The four women sat upstairs in the great green room that stretched from the street to the back of the house, the windows at the end looking over the back garden and down to the Charles River. On the day of Cather’s first visit, the sky had the thin light of a late winter afternoon; the river was a little misty. It was cheering to sit by the fire and look out at the water, though Cather’s attention was drawn not so much to the landscape and the house as to the two women whom she was meeting for the first time. Annie Adams Fields was then past seventy but gracious and youthful as always. Fields wore, Cather distinctly remembered, her customary lavender mourning dress and black lace veil. In 1908, Sarah Orne Jewett was very well known; Cather had read nearly all her books and recognized Jewett from a picture in the card game Authors that Cather had played with her brothers and sisters growing up, although Jewett was now a little fuller and grayer than she had seemed in that picture. Brandeis urged that Cather be shown the treasures of the house—the warmly autographed editions of Dickens, the sketch Thackeray had made of himself when he had stayed at Charles Street, the lock of Keats’s hair. But Cather was content to sit by the fire and talk; as she later wrote, “Sometimes entering a new door can make a great change in one’s life.”

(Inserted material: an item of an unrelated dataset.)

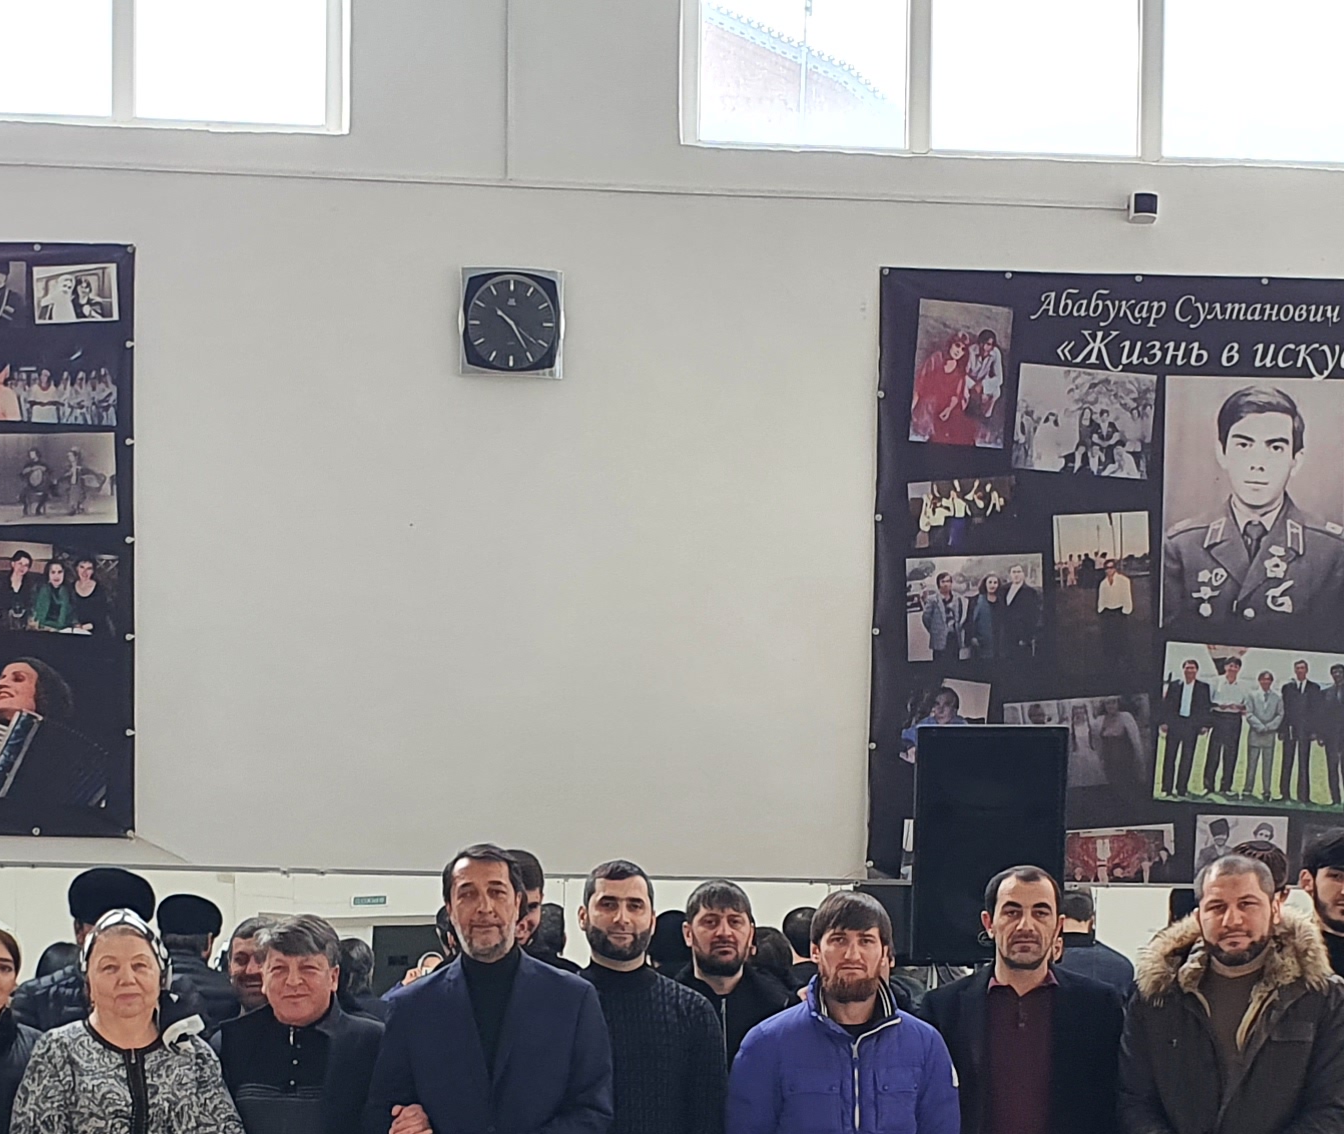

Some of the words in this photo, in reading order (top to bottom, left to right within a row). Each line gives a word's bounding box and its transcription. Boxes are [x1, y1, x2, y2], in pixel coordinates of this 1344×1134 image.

[1030, 290, 1166, 327] Абабукар
[1174, 294, 1341, 328] Султанович
[1056, 330, 1208, 371] «Жизнь
[1221, 341, 1239, 367] в

She came often; she saw Fields and Jewett separately and together; she went to Fields’s summer house at Manchester-by-the-Sea; she went to visit Jewett in South Berwick. Cather seems to have known right away that these were people she wanted and needed to know, and she lost no opportunity. Jewett was still suffering the consequences of her accident, and, though she complained only once or twice in all her letters, it was terribly painful to her that she no longer had the concentration to write. She lived only another sixteen months; Jewett and Cather were both conscious of how easily it might have happened that they would never have known each other at all.